Within wheat flour allergen, house dust mite, storage mites and fungus (Aspergillus spp etc.) can be included and induce allergic responses.

Also atopy is a predisposing factor for baker’s asthma; I recommend doing skin test with common inhalant allergens in your environment to screen atopy status and to identify the causative allergens of underlying allergic diseases such as allergic rhinitis.
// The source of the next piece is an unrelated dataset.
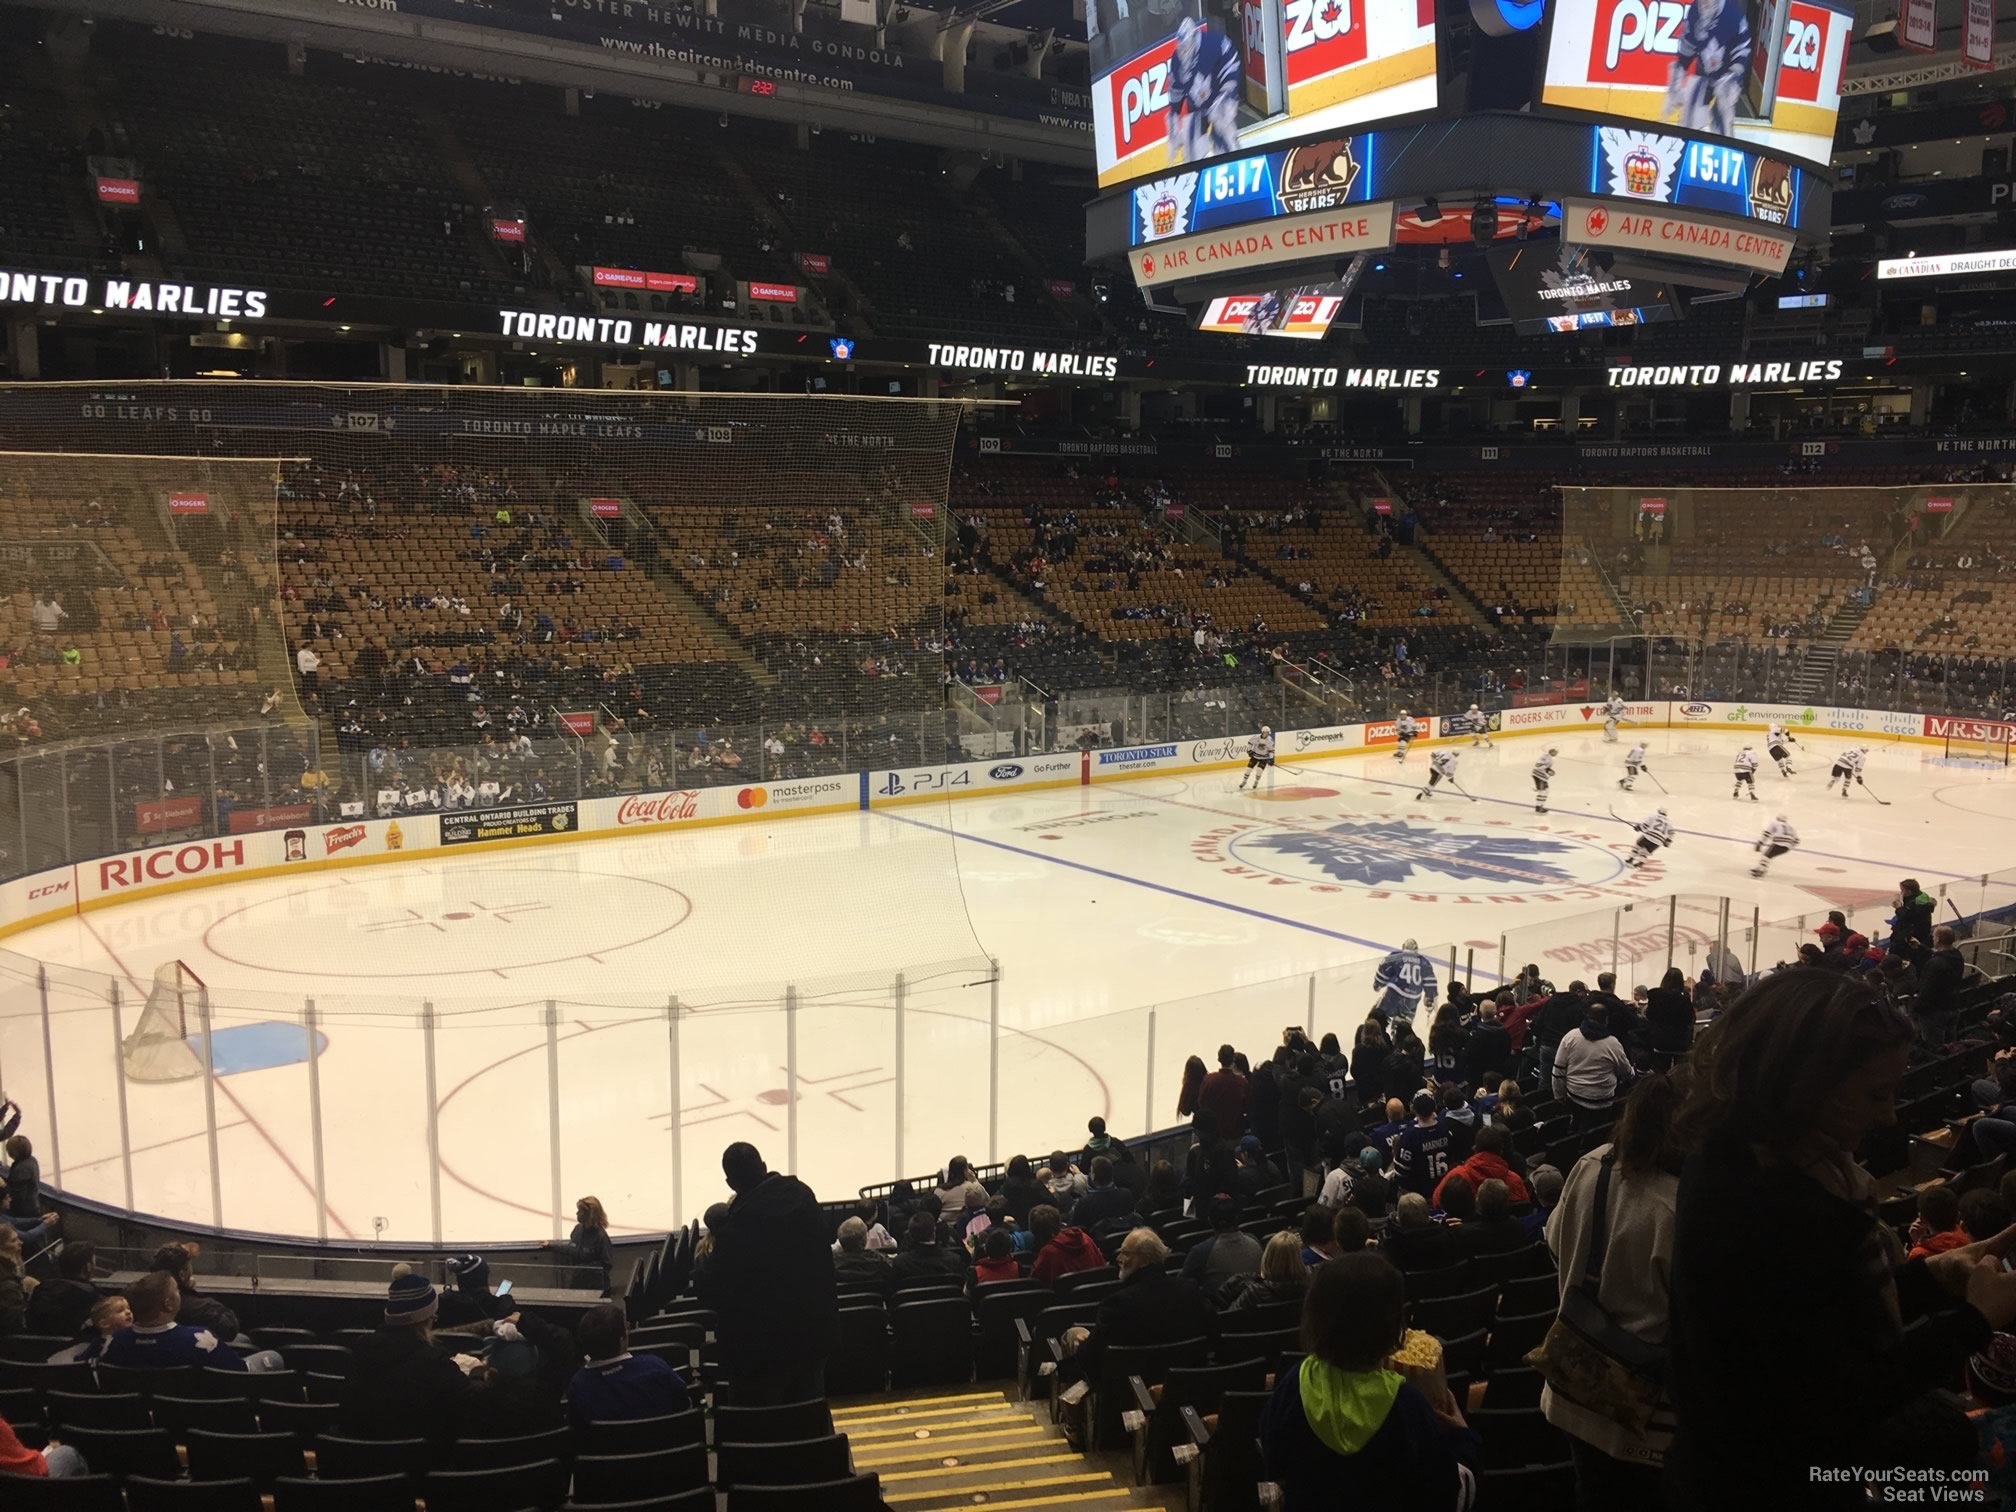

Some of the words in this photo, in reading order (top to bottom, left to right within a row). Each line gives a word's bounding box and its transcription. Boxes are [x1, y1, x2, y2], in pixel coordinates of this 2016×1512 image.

Also skin prick test or in vitro testing with wheat flour, house dust mite, storage mites and fungus should be checked.

Hae Sim Park, MD, PhD
Dept of Allergy and Clinical Immunology
Ajou University School of Medicine
Suwon, South Korea

By Prof Brett J Green

Occupational exposure to cereal flour and associated additives has been identified as determinants of allergic sensitization and work-related respiratory symptoms (baker’s asthma) among bakery workers [1]. During the last several decades, research has focused on sensitization to wheat (Triticum aestivum) due to the prevalence of this flour in bakery operations [2, 3]. Rye (Secale cereale), barley (Hordeum vulgare), buckwheat (Fagopyrum esculentum), and cereal malt flours are also utilized in bakeries and have been implicated in cases of baker’s asthma [1, 4-6]. To date, the role of other commercially available cereals such as maize, rice, sorghum, triticale, millet, and oats as determinants of occupational sensitization among bakery workers requires further clinical evaluation.